Where Angels Fear to Thread


The Test Thread program shown in Figure 11-6 starts a thread and lives to tell the tale—or at least it does if you can keep your hands off the debugging commands. That’s the first rule of thread debugging in the IDE. Don’t. Debug.Print seems to work for displaying status messages, but that’s about it.

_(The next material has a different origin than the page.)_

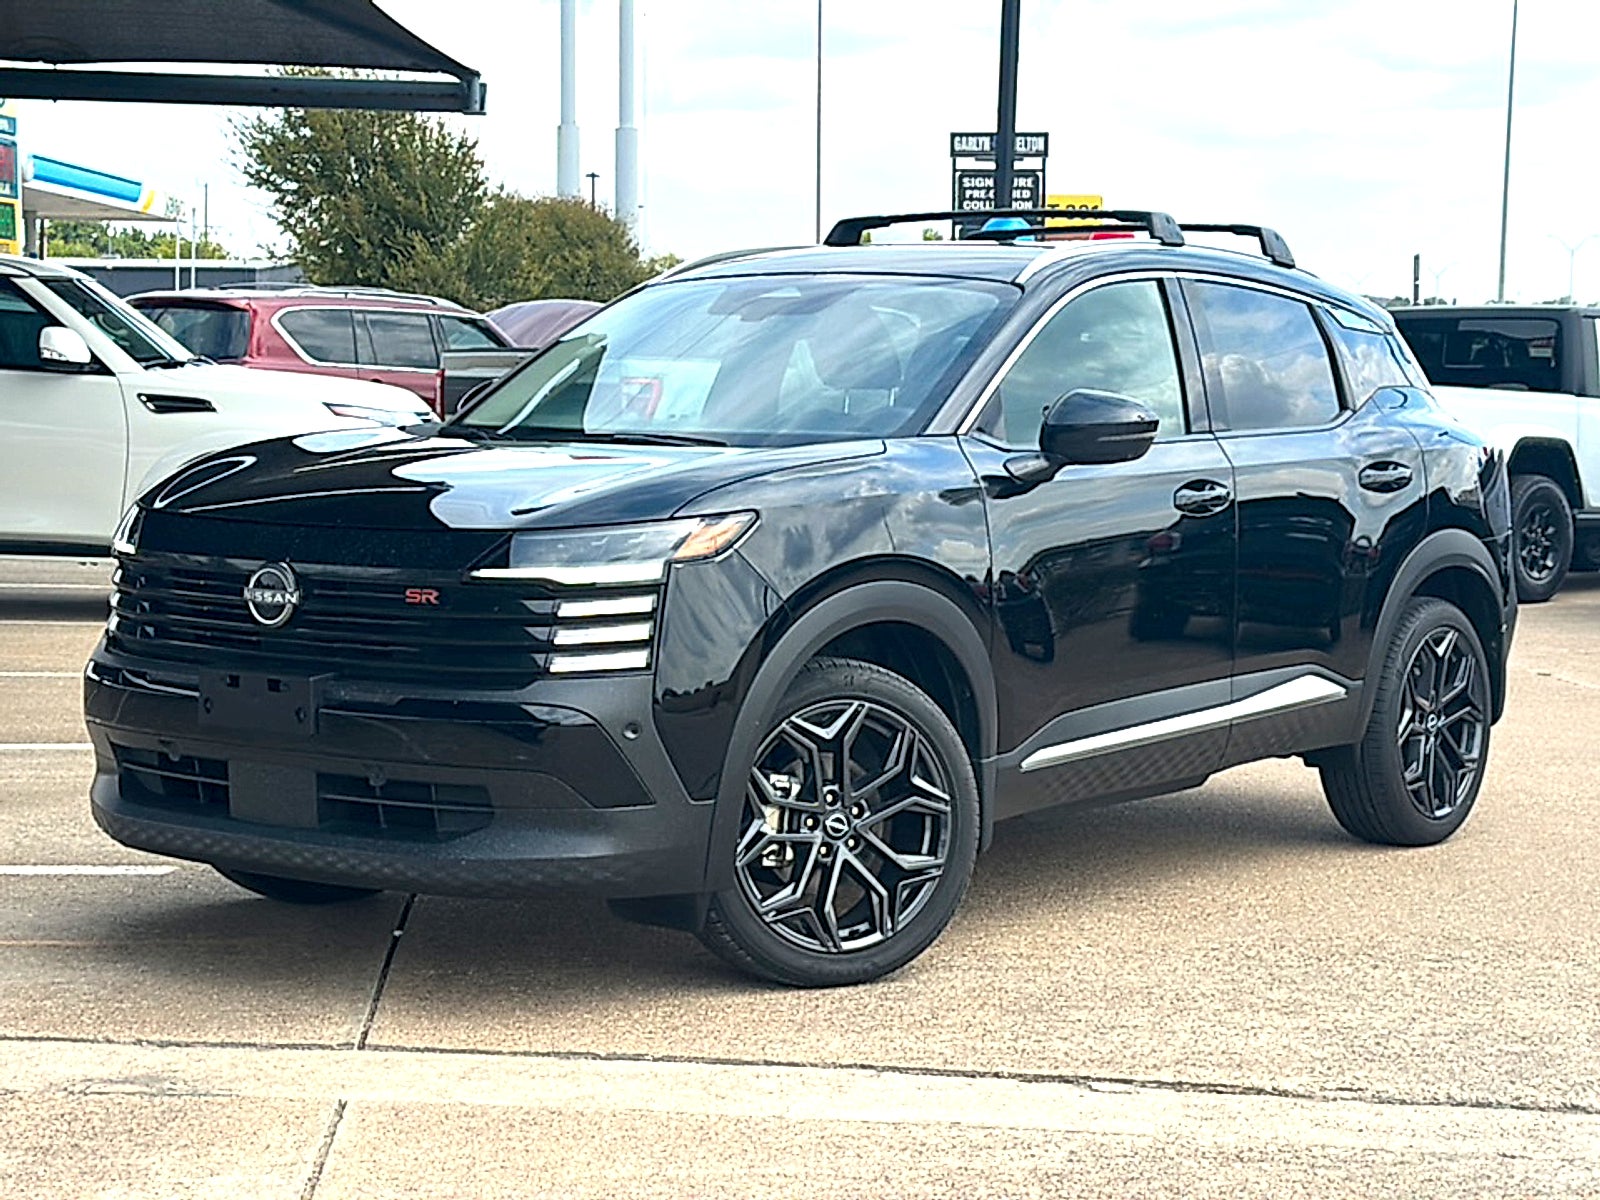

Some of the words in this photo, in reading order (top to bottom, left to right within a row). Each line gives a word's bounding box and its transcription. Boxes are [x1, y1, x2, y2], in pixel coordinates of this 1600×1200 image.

[962, 177, 1034, 188] SIGNURE
[244, 587, 299, 604] NISSAN
[405, 588, 440, 604] SR
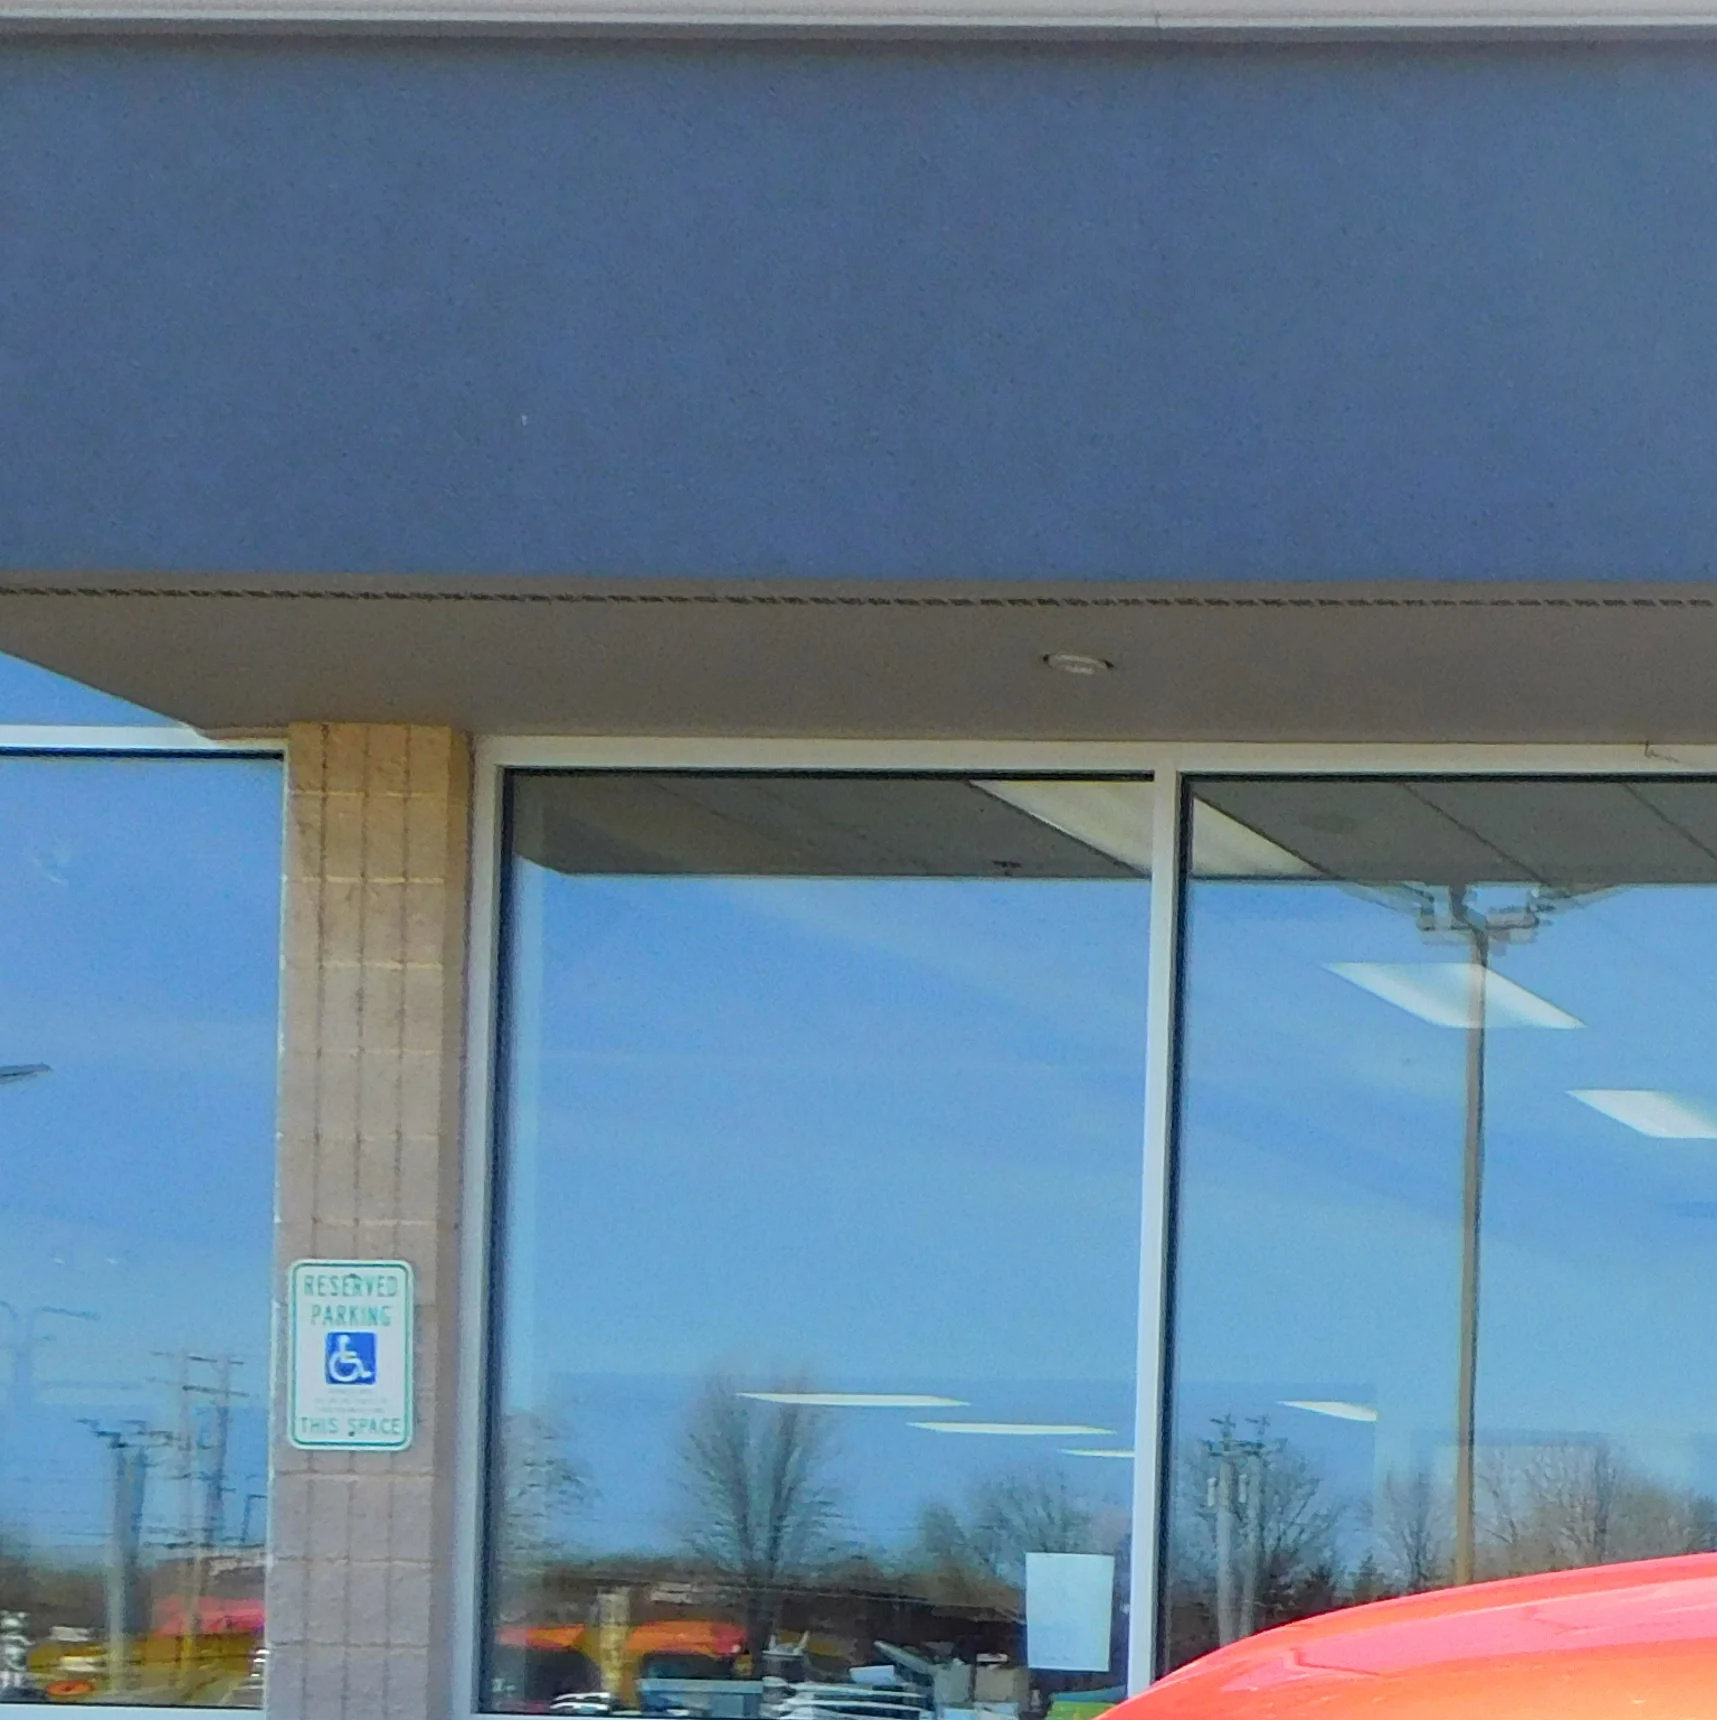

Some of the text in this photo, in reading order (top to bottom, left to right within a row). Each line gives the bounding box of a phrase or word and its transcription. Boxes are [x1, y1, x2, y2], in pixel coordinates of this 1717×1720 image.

Figure 11-6. The Test Thread program.


The program consists of two buttons that update four text boxes with data maintained by the thread. The main button toggles between starting the thread while passing it a parameter, and stopping the thread while receiving a return value:

Private Sub cmdStartStop_Click()
If cmdStartStop.Caption = "&Start Thread" Then
StartThread txtStartStop
cmdStartStop.Caption = "&Stop Thread"
lblStartStop.Caption = "Return value:"
cmdUpdate_Click
Else
txtStartStop = StopThread
cmdStartStop.Caption = "&Start Thread"
lblStartStop.Caption = "Argument:"
cmdUpdate_Click
End If
End Sub

Private Sub cmdUpdate_Click()
txtCalc = CalcCount
txtAPI = APICount
txtBasic = BasicTime
End Sub

The CalcCount, APICount, and BasicTime functions are just public functions that return private variables modified by the thread procedure in THREAD.BAS. The thread procedure, like any procedure used with the AddressOf operator, must be in a standard module. You’re used to that from earlier experience with callbacks in Chapters 2 and 6. Here’s the code to start the thread procedure:

Sub StartThread(ByVal i As Long)
' Signal that thread is starting
fRunning = True
' Create new thread
hThread = CreateThread(ByVal pNull, 0, AddressOf ThreadProc, _
ByVal i, 0, idThread)
If hThread = 0 Then MsgBox "Can't start thread"
End Sub

First we signal that the thread is starting by using the most primitive and inflexible method of thread synchronization—a global variable. Bear with me. Then we call CreateThread to start a thread in the procedure ThreadProc. The first argument is the security attribute, which we ignore. The second is the stack size, which we pass as zero to let the operating system decide. The third argument is the address of the procedure that will run the thread. The fourth is a 32-bit parameter passed to the thread. This could be a pointer to something useful (such as a string or a UDT), but in this case, it’s just numeric data. The fifth argument is for options flags, but we don’t have any. The last argument is a reference to a variable that will receive the thread ID, a unique identifier which the sample program stores in the global variable idThread and then ignores. The function returns a thread handle, which is also stored in a global variable.


The thread procedures you start have some leeway in what they do, but some parts are invariant, as this example shows:

Sub ThreadProc(ByVal i As Long)
' Use parameter
cCalc = i
Do While fRunning
' Calculate something
cCalc = cCalc + 1
' Use an API call
cAPI = GetTickCount
' Use a Basic function
datBasic = Now
' Switch immediately to another thread
Sleep 1
Loop
' Return a value
ExitThread cCalc
End Sub

The main purpose of this thread is to prove that we can indeed run a thread and do calculations, make API calls, and use Visual Basic statements inside it. After updating several global variables, the thread sleeps so that other threads can continue working immediately. When the main thread (the calling process) signals to stop by changing the fRunning variable, the thread exits by calling ExitThread, passing whatever it wishes to return to the process that started it.


The documentation for CreateThread says that the thread procedure can be a function that returns a Long value and that ExitThread will be called automatically. Well, that might be true in C or C++, but I crashed when I made ThreadProc a function and returned without explicitly calling ExitThread. I changed to a sub to make absolutely clear that the return value must go through ExitThread.


My StopThread procedure is what causes the thread loop to terminate so that ExitThread will be called:

Function StopThread() As Long
' Signal thread to stop
fRunning = False
' Make sure thread is dead before returning exit code
Do
Call GetExitCodeThread(hThread, StopThread)
Loop While StopThread = STILL_ACTIVE
CloseHandle hThread
hThread = 0
End Function

It might take a while after the global variable is changed before the thread procedure checks the signal variable and terminates the thread, so StopThread has to loop until GetExitCodeThread comes up with a valid exit code.